:: Dataset

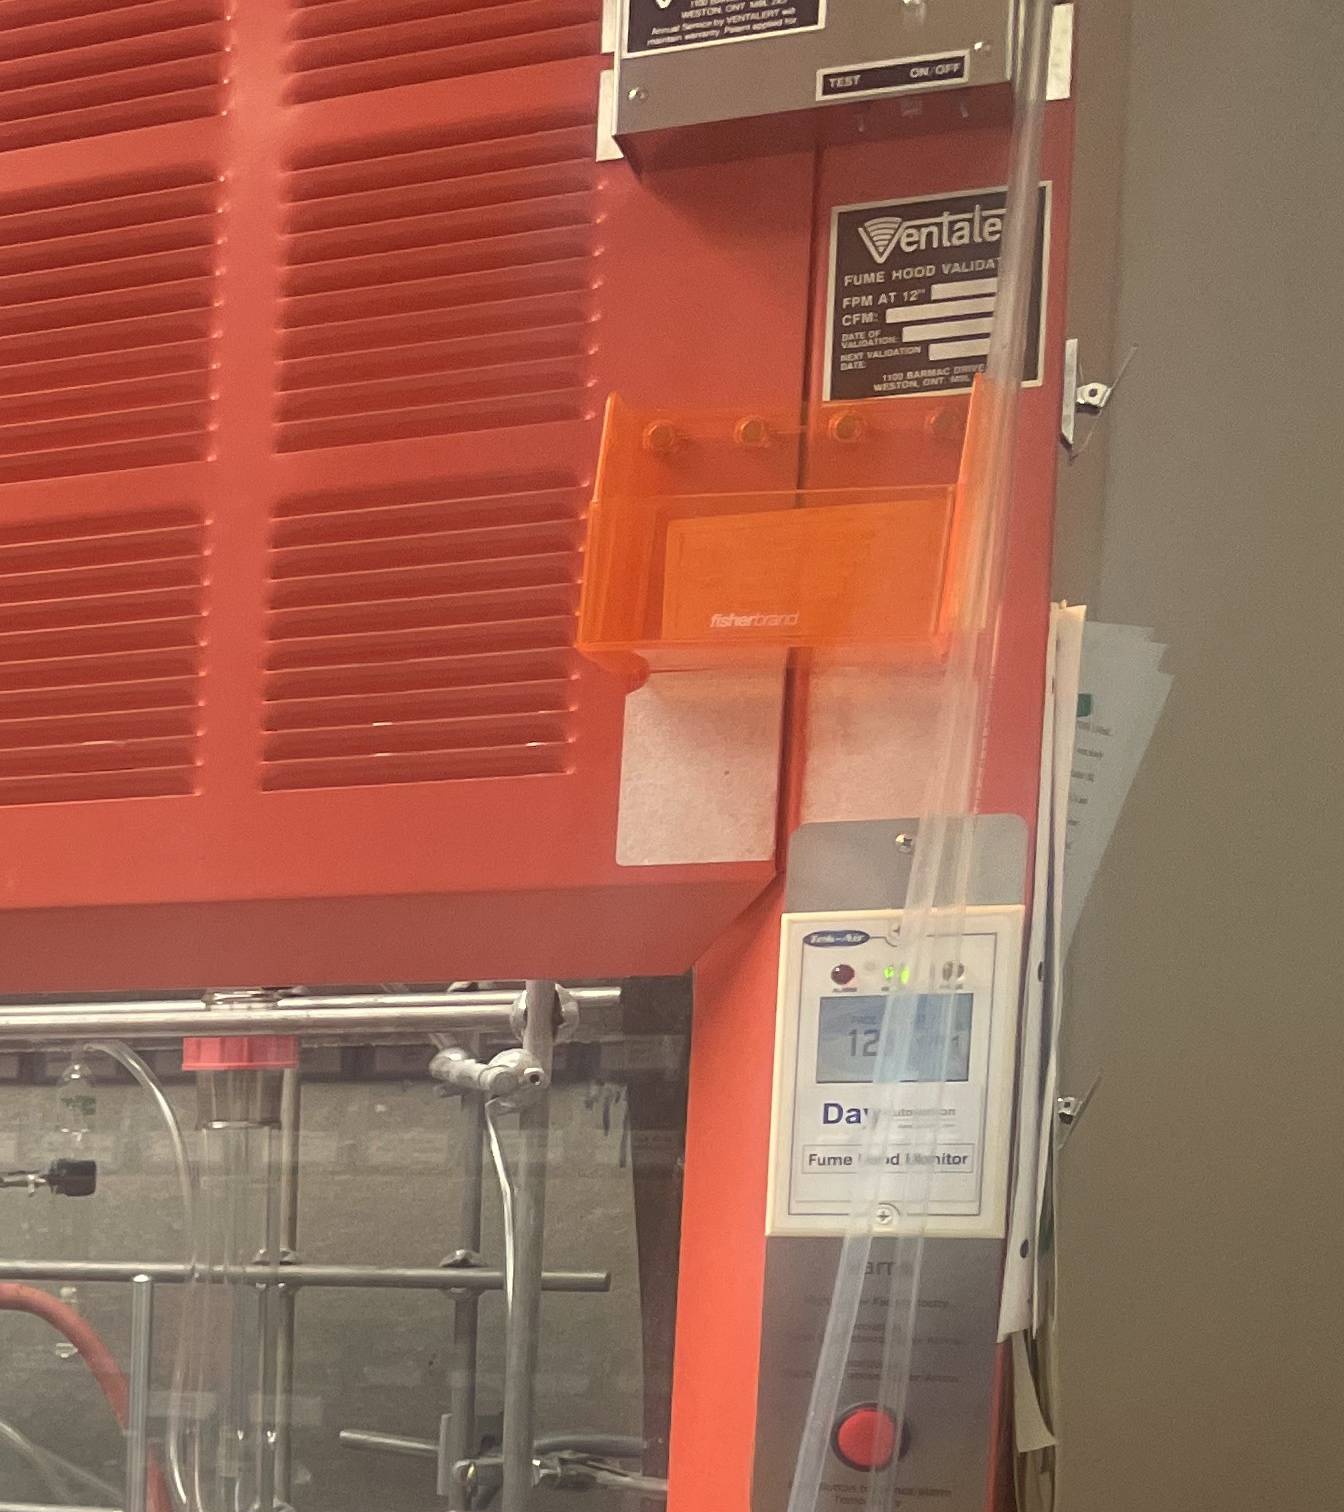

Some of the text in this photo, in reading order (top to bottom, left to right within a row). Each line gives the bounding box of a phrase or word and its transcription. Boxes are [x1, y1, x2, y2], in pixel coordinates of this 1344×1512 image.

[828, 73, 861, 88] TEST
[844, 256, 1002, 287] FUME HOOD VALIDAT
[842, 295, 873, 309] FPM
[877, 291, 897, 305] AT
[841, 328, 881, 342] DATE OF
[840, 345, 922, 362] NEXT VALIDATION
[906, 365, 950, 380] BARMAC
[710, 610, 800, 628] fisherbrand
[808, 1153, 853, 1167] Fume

::::

▶ [What you need to do] All of the records should be output exactly as they stand, with pictures omitted.

▶ [Finished exercise]
Some of the text in this photo, in reading order (top to bottom, left to right within a row). Each line gives the bounding box of a phrase or word and its transcription. Boxes are [x1, y1, x2, y2], in pixel coordinates of this 1344×1512 image.

[828, 73, 861, 88] TEST
[844, 256, 1002, 287] FUME HOOD VALIDAT
[842, 295, 873, 309] FPM
[877, 291, 897, 305] AT
[841, 328, 881, 342] DATE OF
[840, 345, 922, 362] NEXT VALIDATION
[906, 365, 950, 380] BARMAC
[710, 610, 800, 628] fisherbrand
[808, 1153, 853, 1167] Fume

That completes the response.